PROBLEM
Leave out the images and repeat every entry below exactly.

Items from a dataset:
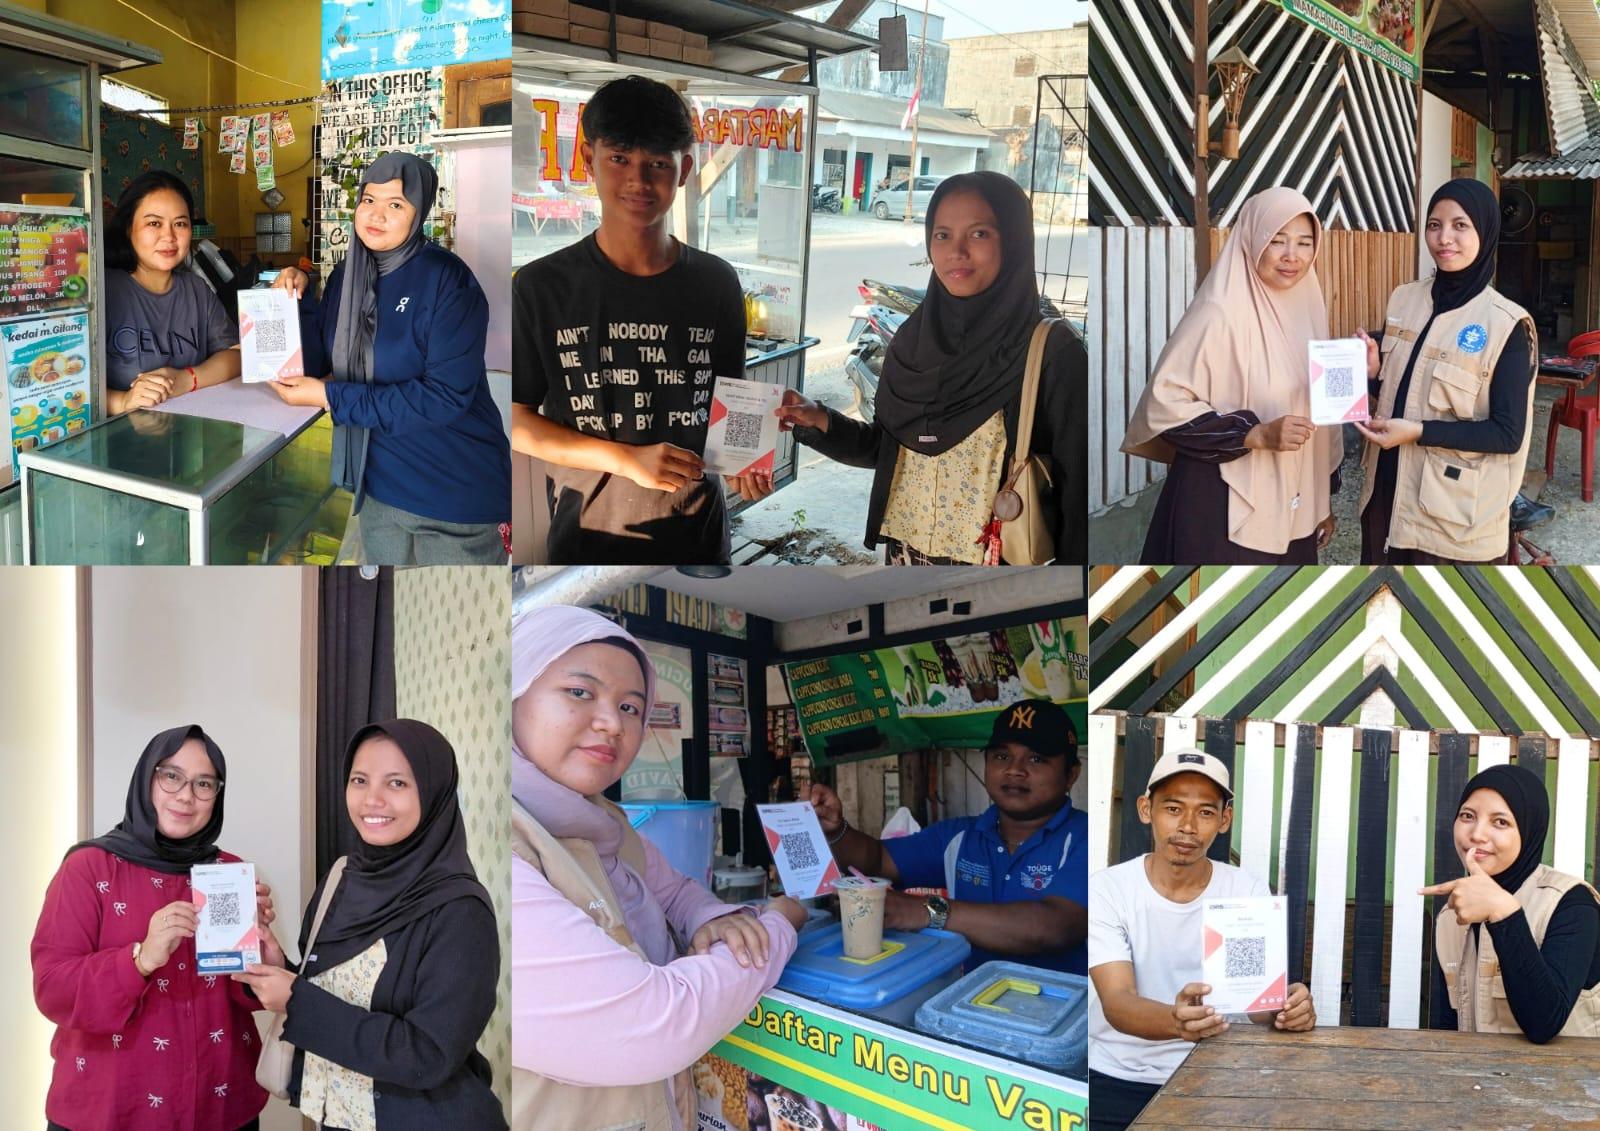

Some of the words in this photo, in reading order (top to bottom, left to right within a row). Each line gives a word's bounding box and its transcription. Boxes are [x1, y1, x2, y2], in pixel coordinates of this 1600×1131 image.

[1293, 0, 1326, 26] MAMAH
[1326, 16, 1351, 42] NABIL
[345, 78, 378, 101] THIS
[382, 71, 432, 96] OFFICE
[354, 102, 380, 111] ARE
[345, 113, 369, 127] ARE
[361, 122, 424, 149] RESPECT
[329, 227, 349, 246] Co
[18, 292, 46, 302] MELON
[8, 328, 39, 343] kedai
[556, 326, 590, 346] AIN'T
[608, 322, 669, 341] NOBODY
[559, 351, 582, 369] ME
[600, 346, 613, 363] IN
[638, 346, 667, 363] THA
[565, 375, 572, 391] I
[584, 369, 639, 389] LERNED
[654, 369, 686, 385] THIS
[570, 394, 595, 412] DAY
[634, 392, 653, 408] BY
[636, 413, 654, 431] BY
[1009, 705, 1036, 729] NY
[1027, 865, 1053, 873] TOUGE
[743, 1001, 843, 1058] Daftar
[853, 1033, 970, 1106] Menu
[986, 1075, 1088, 1131] Var

RESPONSE
Some of the words in this photo, in reading order (top to bottom, left to right within a row). Each line gives a word's bounding box and its transcription. Boxes are [x1, y1, x2, y2], in pixel coordinates of this 1600×1131 image.

[1293, 0, 1326, 26] MAMAH
[1326, 16, 1351, 42] NABIL
[345, 78, 378, 101] THIS
[382, 71, 432, 96] OFFICE
[354, 102, 380, 111] ARE
[345, 113, 369, 127] ARE
[361, 122, 424, 149] RESPECT
[329, 227, 349, 246] Co
[18, 292, 46, 302] MELON
[8, 328, 39, 343] kedai
[556, 326, 590, 346] AIN'T
[608, 322, 669, 341] NOBODY
[559, 351, 582, 369] ME
[600, 346, 613, 363] IN
[638, 346, 667, 363] THA
[565, 375, 572, 391] I
[584, 369, 639, 389] LERNED
[654, 369, 686, 385] THIS
[570, 394, 595, 412] DAY
[634, 392, 653, 408] BY
[636, 413, 654, 431] BY
[1009, 705, 1036, 729] NY
[1027, 865, 1053, 873] TOUGE
[743, 1001, 843, 1058] Daftar
[853, 1033, 970, 1106] Menu
[986, 1075, 1088, 1131] Var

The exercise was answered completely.